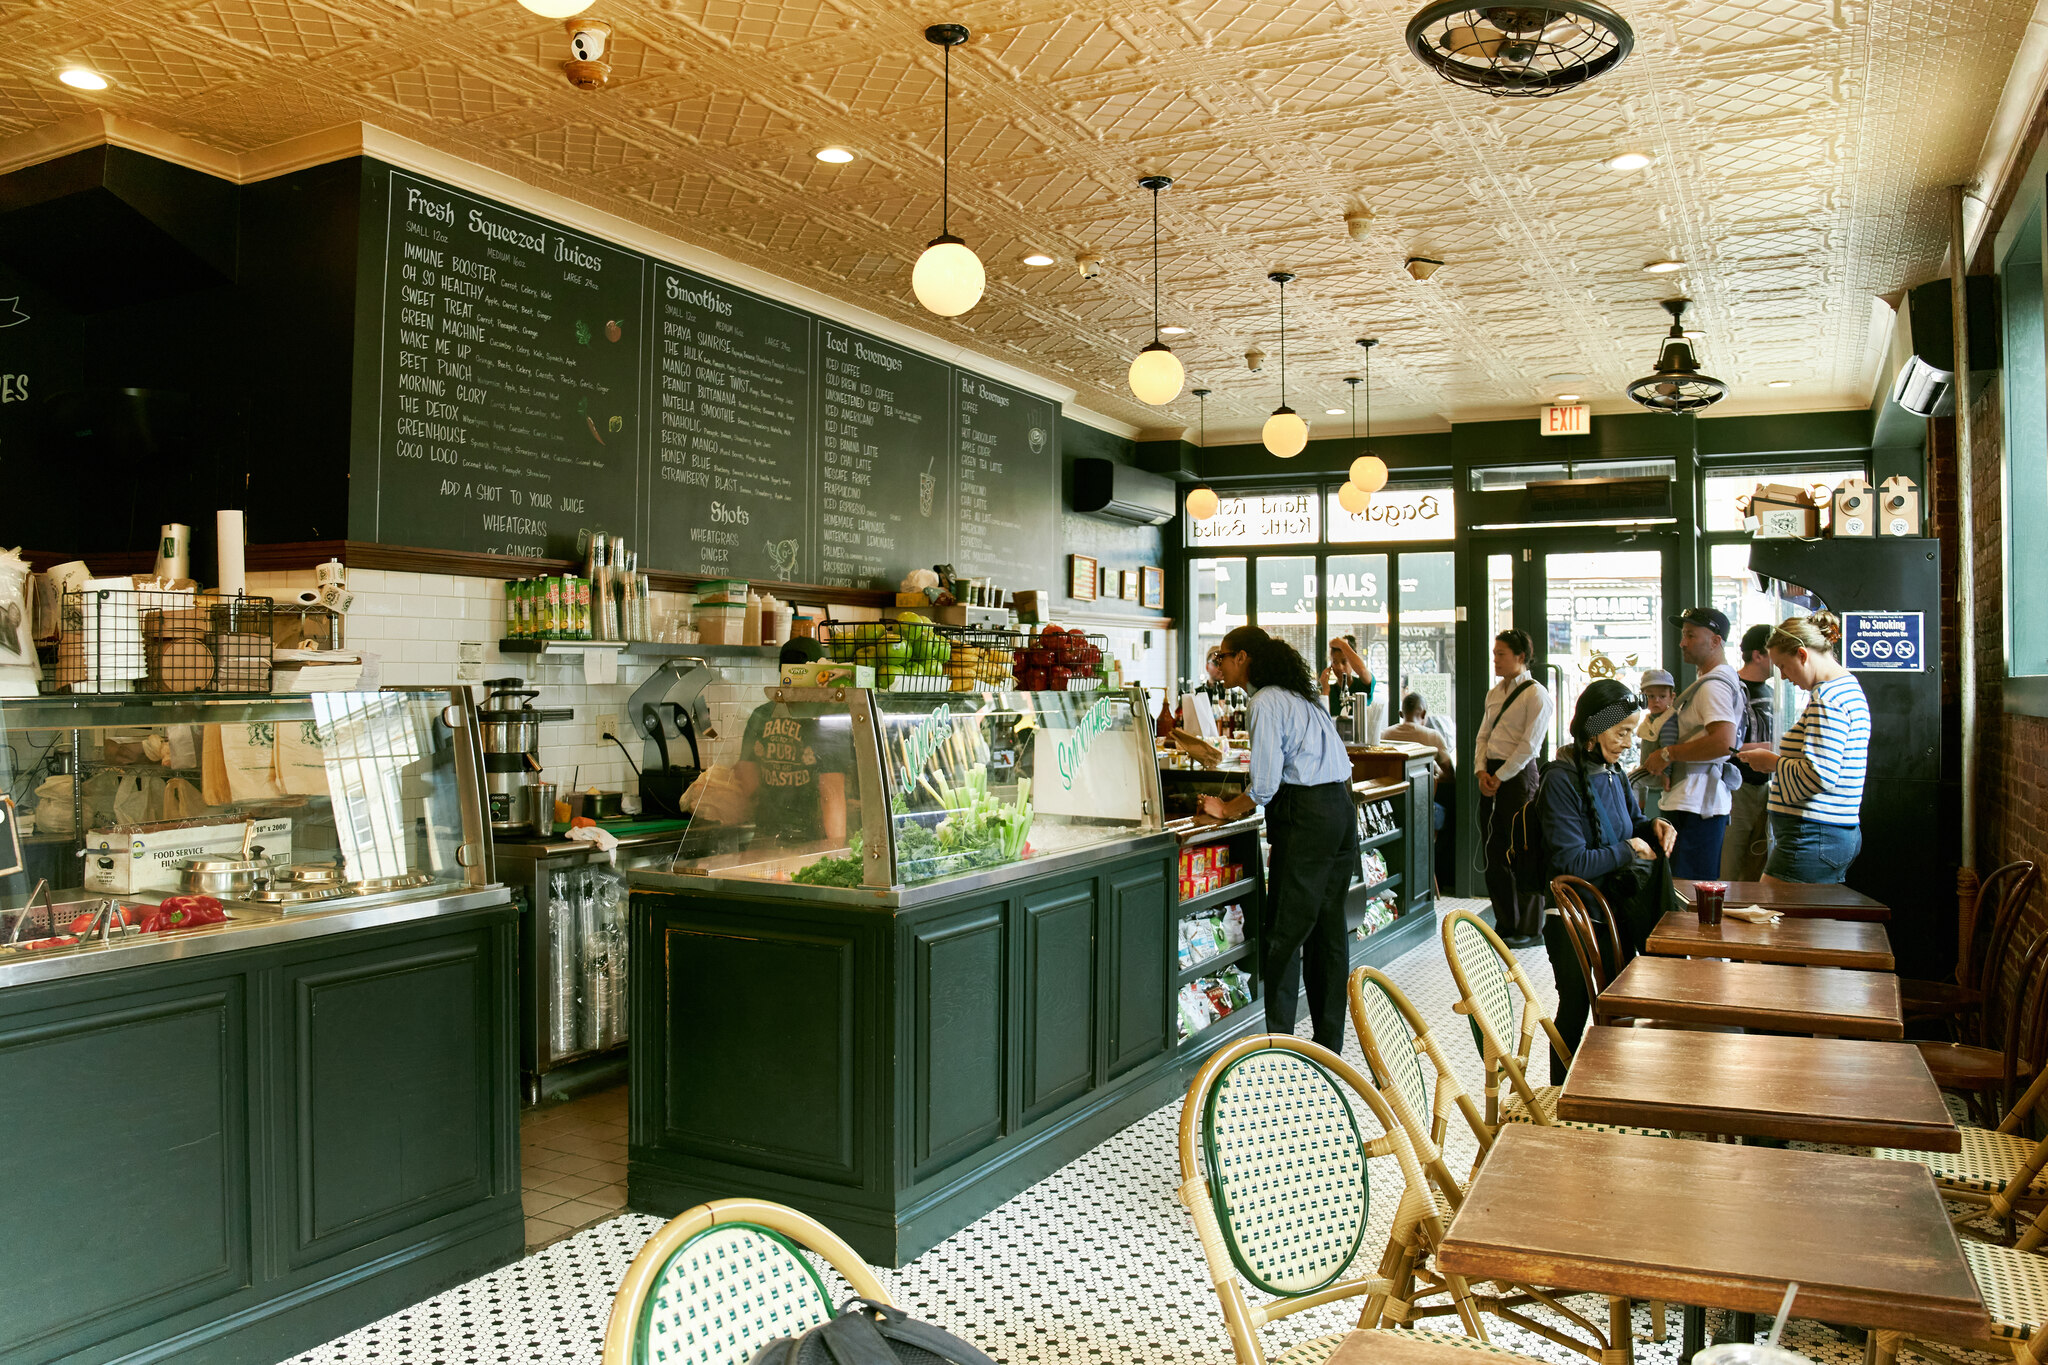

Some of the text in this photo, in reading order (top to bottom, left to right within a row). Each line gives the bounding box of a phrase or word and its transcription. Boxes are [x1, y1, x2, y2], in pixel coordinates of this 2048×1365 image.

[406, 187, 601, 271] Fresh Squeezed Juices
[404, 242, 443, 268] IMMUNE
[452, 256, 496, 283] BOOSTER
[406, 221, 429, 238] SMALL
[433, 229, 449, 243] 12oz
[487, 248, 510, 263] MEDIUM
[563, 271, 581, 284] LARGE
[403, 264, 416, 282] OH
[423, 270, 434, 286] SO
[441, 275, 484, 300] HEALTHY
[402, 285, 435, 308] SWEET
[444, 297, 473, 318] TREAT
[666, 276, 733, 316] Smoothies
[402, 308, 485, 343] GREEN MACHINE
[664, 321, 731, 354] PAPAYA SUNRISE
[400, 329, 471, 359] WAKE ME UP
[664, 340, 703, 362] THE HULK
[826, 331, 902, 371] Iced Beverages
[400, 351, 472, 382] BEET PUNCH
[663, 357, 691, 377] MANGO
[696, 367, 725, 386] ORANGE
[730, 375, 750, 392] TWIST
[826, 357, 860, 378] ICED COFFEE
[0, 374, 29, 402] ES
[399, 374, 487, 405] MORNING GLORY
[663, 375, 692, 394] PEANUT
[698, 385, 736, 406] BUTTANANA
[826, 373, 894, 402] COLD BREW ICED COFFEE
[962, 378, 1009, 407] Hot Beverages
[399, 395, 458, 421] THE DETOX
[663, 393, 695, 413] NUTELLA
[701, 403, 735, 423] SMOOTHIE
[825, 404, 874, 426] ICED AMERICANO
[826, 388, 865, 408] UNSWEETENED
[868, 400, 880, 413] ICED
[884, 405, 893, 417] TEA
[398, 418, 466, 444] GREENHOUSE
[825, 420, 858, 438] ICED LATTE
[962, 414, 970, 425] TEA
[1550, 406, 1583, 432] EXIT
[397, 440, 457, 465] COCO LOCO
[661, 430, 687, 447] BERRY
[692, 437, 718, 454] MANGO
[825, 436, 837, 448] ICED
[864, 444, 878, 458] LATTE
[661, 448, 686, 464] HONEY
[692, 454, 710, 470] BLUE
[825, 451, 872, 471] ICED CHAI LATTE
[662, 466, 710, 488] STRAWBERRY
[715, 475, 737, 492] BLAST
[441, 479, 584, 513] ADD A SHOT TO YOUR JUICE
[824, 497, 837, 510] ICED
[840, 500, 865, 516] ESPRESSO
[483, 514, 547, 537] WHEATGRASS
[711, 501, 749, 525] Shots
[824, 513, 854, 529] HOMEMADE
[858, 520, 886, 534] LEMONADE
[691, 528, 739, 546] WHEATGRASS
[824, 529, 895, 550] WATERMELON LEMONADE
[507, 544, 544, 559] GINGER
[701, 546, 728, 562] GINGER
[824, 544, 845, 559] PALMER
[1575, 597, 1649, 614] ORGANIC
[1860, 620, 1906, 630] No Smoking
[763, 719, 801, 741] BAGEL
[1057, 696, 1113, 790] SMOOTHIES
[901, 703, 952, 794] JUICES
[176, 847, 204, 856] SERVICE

********

TO DO
The word "GINGER" appears in some lines of the data. Copy every one of those lines.

WORKED SOLUTION
[507, 544, 544, 559] GINGER
[701, 546, 728, 562] GINGER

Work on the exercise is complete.